Le Christ Roi de l’univers.
Jésus règne sur les âmes d’abord d’une royauté de nature, parce qu’il est le Verbe qui illumine tout homme venant en ce monde, et que la création tout entière est marquée d’un sceau divin. Ensuite d’une royauté de conquête, de par l’œuvre de la rédemption.


En cette solennité du Christ Roi considérons brièvement quelques attributs de cette royauté de Jésus-Christ.

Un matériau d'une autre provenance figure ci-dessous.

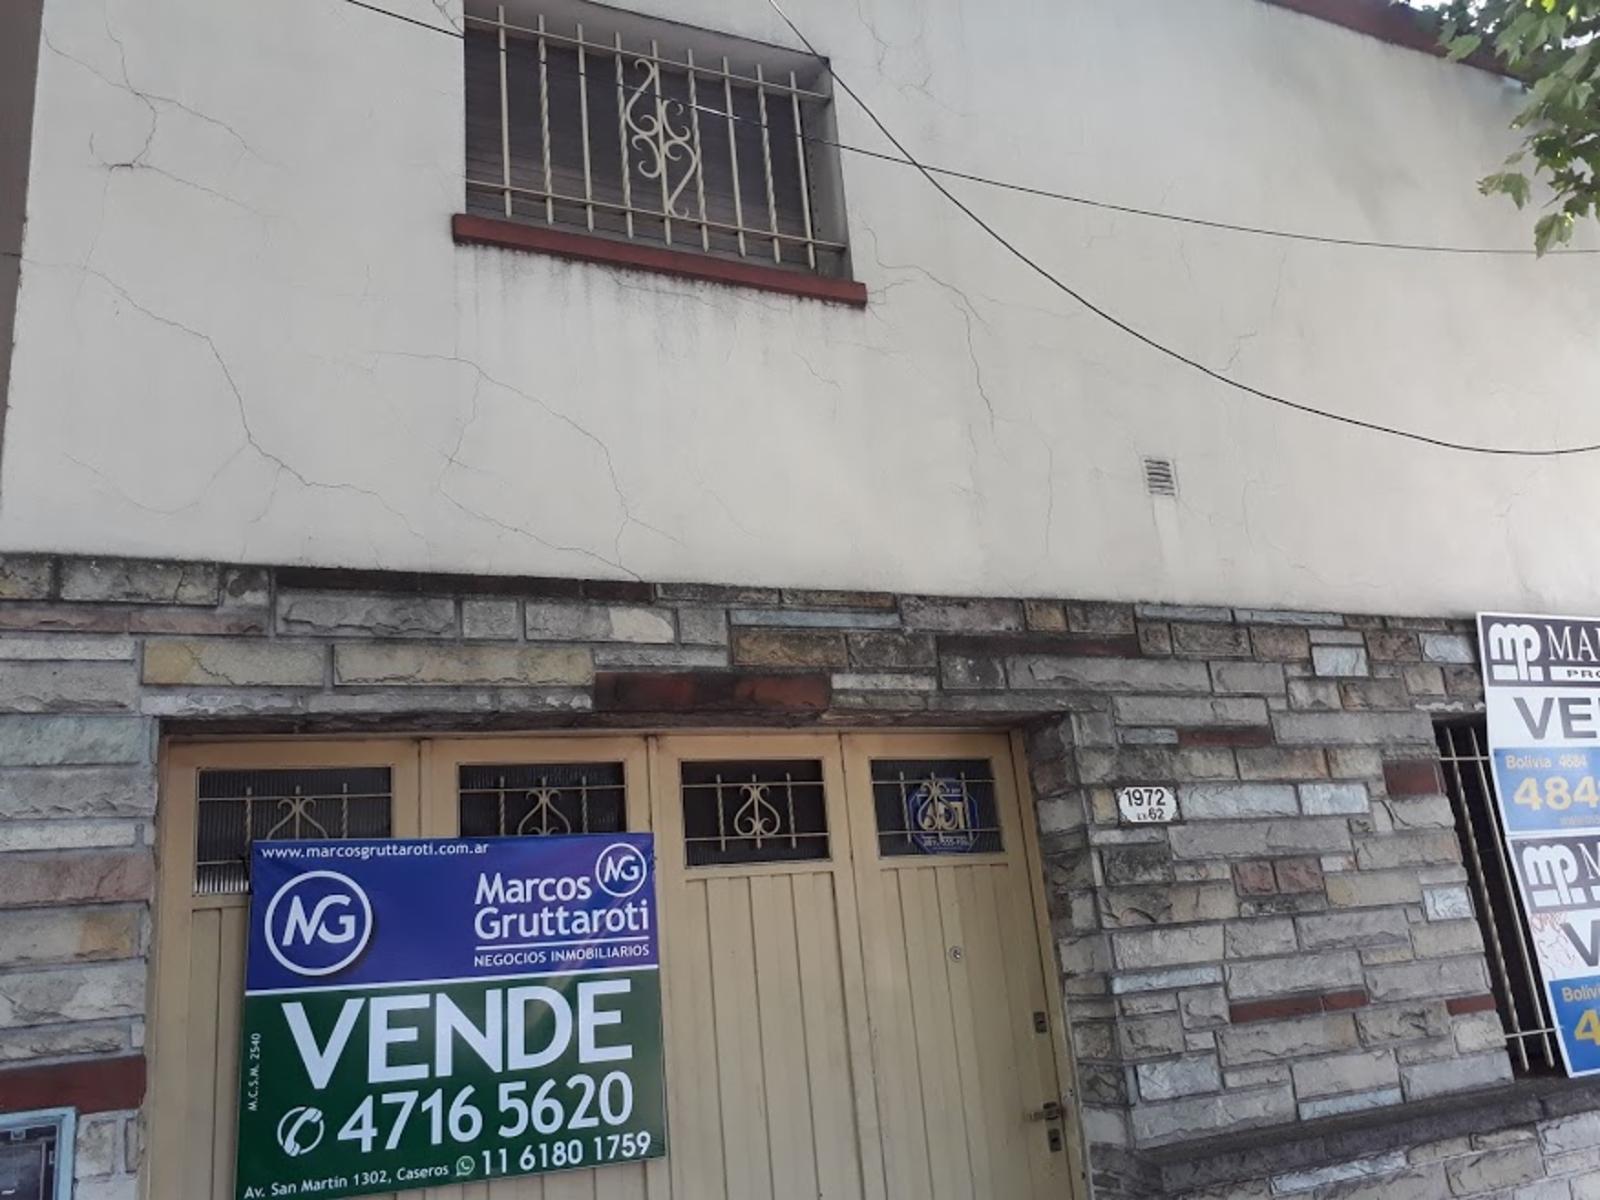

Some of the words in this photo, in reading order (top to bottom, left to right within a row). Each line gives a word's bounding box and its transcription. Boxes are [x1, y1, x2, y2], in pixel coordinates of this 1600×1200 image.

[1544, 624, 1600, 662] MA
[1513, 696, 1600, 740] VE
[1124, 788, 1166, 807] 1972
[1513, 775, 1600, 812] 484
[261, 842, 489, 860] www.marcosgruttaroti.com.ar
[474, 872, 592, 905] Marcos
[474, 899, 649, 940] Gruttaroti
[474, 951, 546, 967] NEGOCIOS
[551, 944, 649, 962] INMOBILIARIOS
[1561, 984, 1600, 1003] Boliv
[281, 979, 632, 1090] VENDE
[337, 1085, 483, 1153] 4716
[498, 1071, 633, 1137] 5620
[482, 1149, 507, 1176] 11
[519, 1139, 583, 1171] 6180
[594, 1131, 651, 1161] 1759
[244, 1186, 266, 1199] Av.
[271, 1182, 296, 1196] San
[354, 1170, 392, 1186] 1302,
[396, 1164, 449, 1180] Caseros
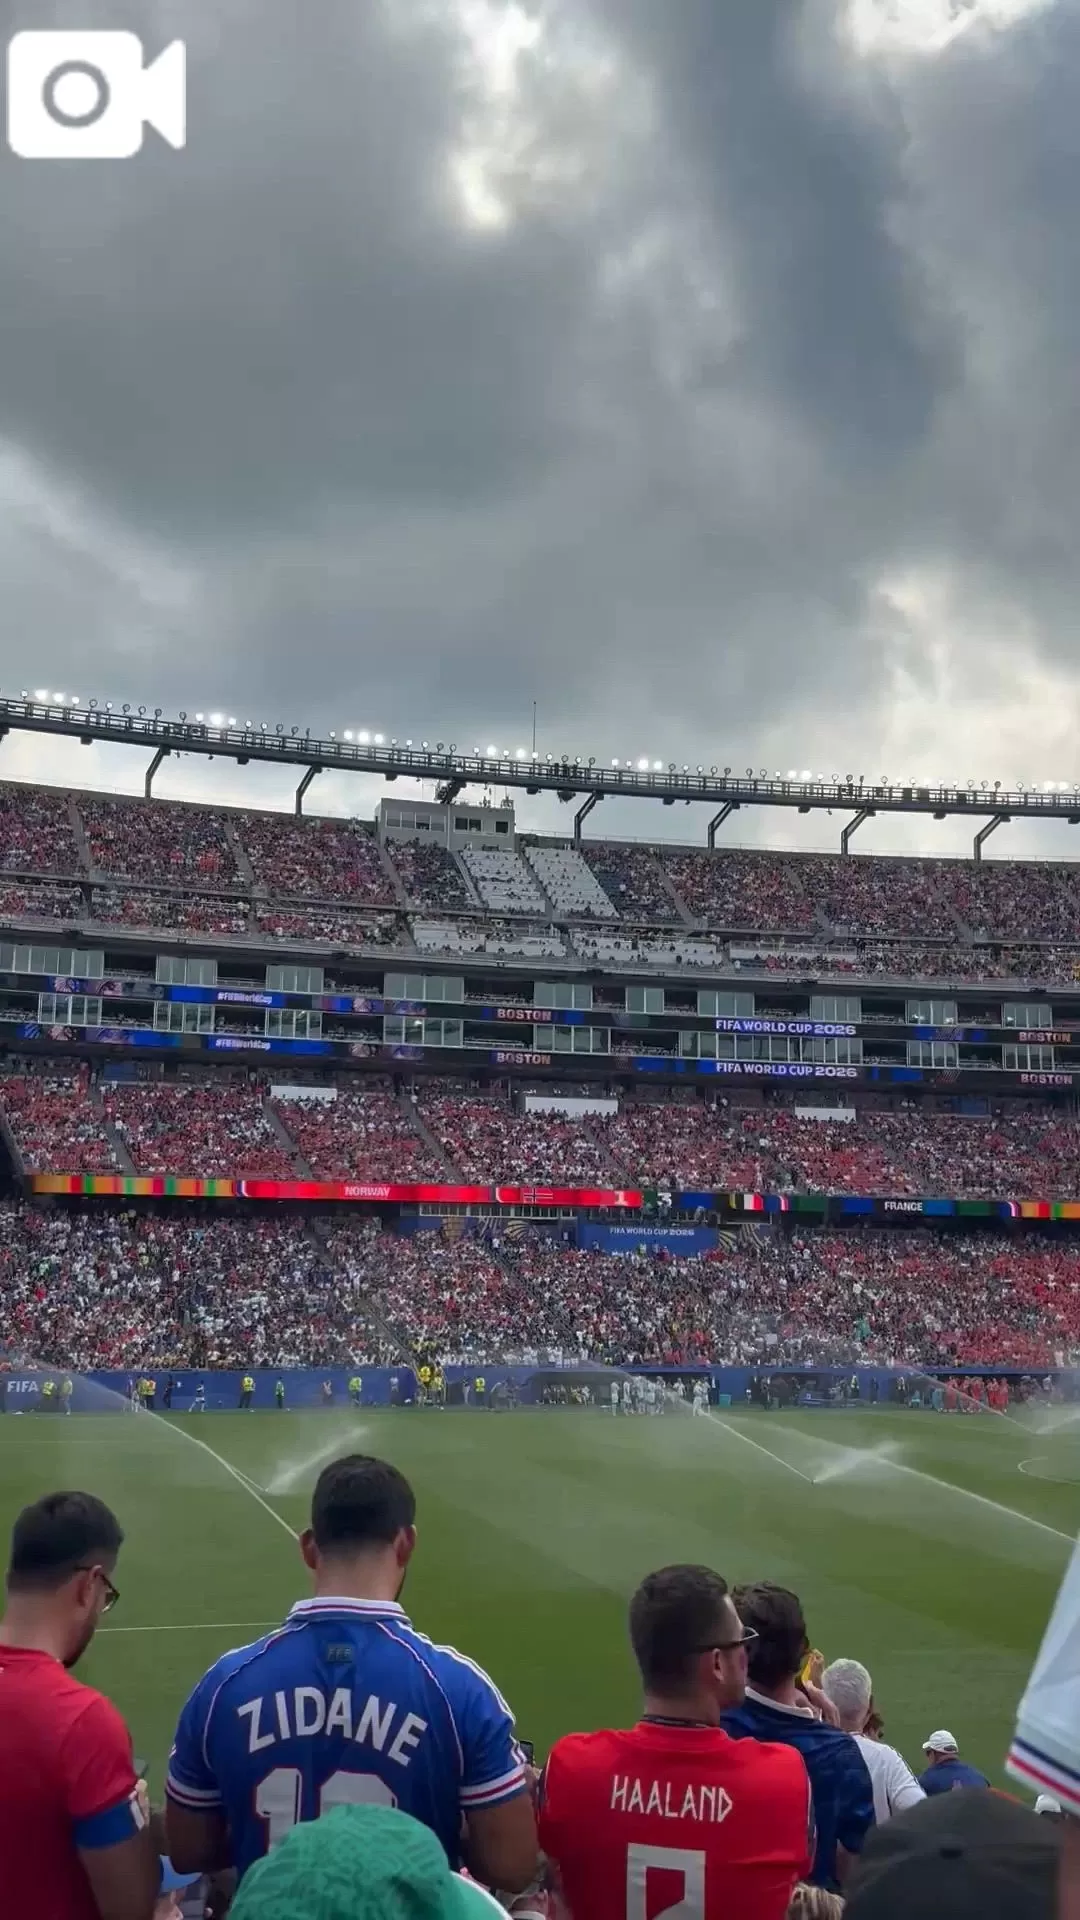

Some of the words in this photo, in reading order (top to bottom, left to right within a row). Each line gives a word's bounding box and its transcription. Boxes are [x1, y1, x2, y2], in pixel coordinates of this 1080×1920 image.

[497, 1008, 552, 1021] BOSTON
[716, 1020, 742, 1031] FIFA
[743, 1021, 786, 1033] WORLD
[788, 1023, 813, 1034] CUP
[814, 1024, 857, 1036] 2026
[1019, 1031, 1072, 1043] BOSTON
[496, 1052, 551, 1064] BOSTON
[716, 1062, 742, 1073] FIFA
[743, 1063, 787, 1075] WORLD
[788, 1065, 813, 1076] CUP
[815, 1067, 858, 1078] 2026
[1021, 1073, 1073, 1085] BOSTON
[344, 1186, 390, 1197] NORWAY
[884, 1201, 923, 1212] FRANCE
[610, 1227, 625, 1235] FIFA
[626, 1228, 653, 1236] WORLD
[653, 1229, 668, 1237] CUP
[669, 1229, 695, 1238] 2026
[7, 1380, 39, 1392] FIFA
[237, 1686, 429, 1768] ZIDANE
[610, 1775, 733, 1823] HAALAND

La royauté de Jésus-Christ est mystérieuse parce que lui-même est Dieu, et Dieu reste toujours mystérieux à nos intelligences. De cette manière aucun modèle de royauté sur terre ne suffit à nous faire comprendre la royauté de Jésus-Christ. Cette dernière les dépasse toutes… Nous ne parlons de la royauté du Seigneur Jésus-Christ que pour souligner le caractère divin et transcendant qui s’attache à sa personne et au mystère de son gouvernement, dont nulle seigneurie terrestre ne nous donnera jamais l’idée.

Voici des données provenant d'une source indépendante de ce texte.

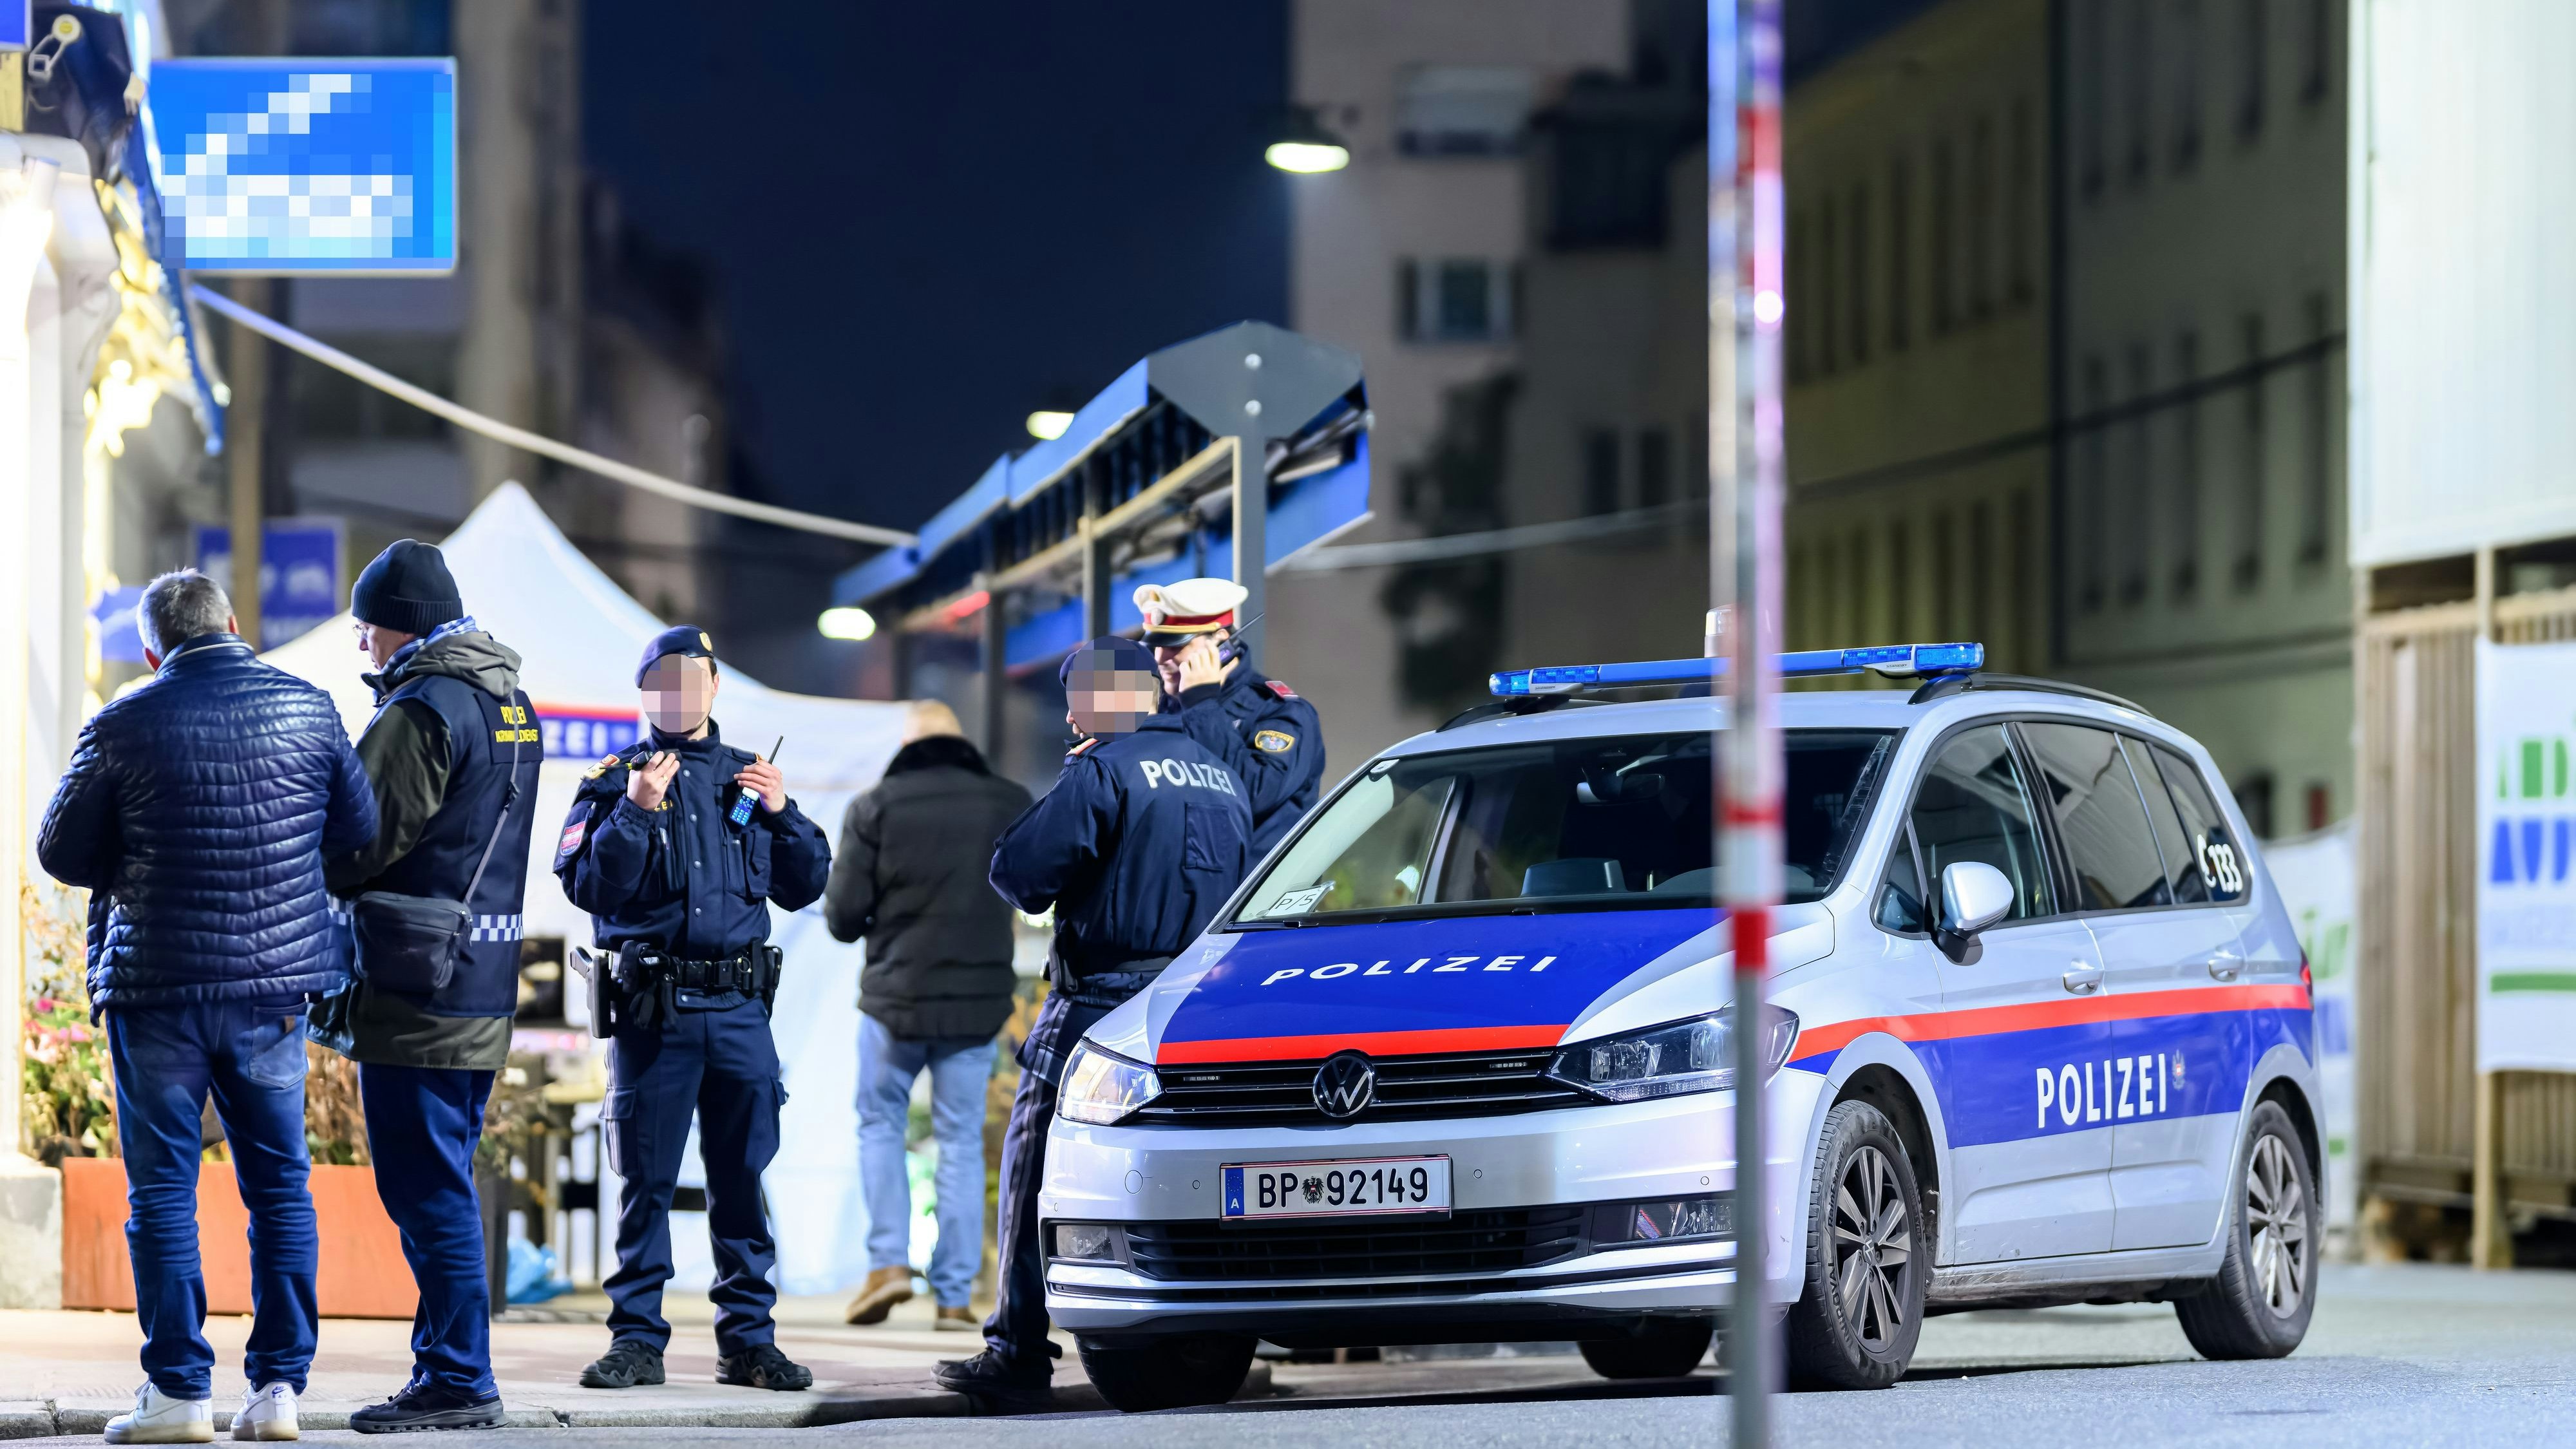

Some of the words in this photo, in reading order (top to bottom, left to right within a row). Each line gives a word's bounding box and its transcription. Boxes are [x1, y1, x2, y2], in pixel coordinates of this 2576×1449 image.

[500, 706, 527, 725] POLZEI
[1139, 758, 1237, 797] POLIZEI
[2207, 843, 2244, 893] 133
[1274, 893, 1318, 911] P/5
[1260, 956, 1557, 986] POLIZEI
[2036, 1053, 2166, 1129] POLIZEI
[1230, 1197, 1240, 1209] A
[1258, 1172, 1299, 1209] BP
[1325, 1166, 1429, 1206] 92149

La royauté de Jésus-Christ est universelle. Il faut aussi admettre que la royauté de l’Homme-Dieu s’étend sur l’œuvre immense de l’univers cosmique. Le monde n’a été fait que pour nous parler de lui. Il est le Verbe qui a organisé le chaos primordial, le Rédempteur qui restaure toutes choses dans le mystère d’une plus haute harmonie. Le Christ, parce qu’il est roi universel, jugera les vivants et les morts, disons-nous dans le Credo.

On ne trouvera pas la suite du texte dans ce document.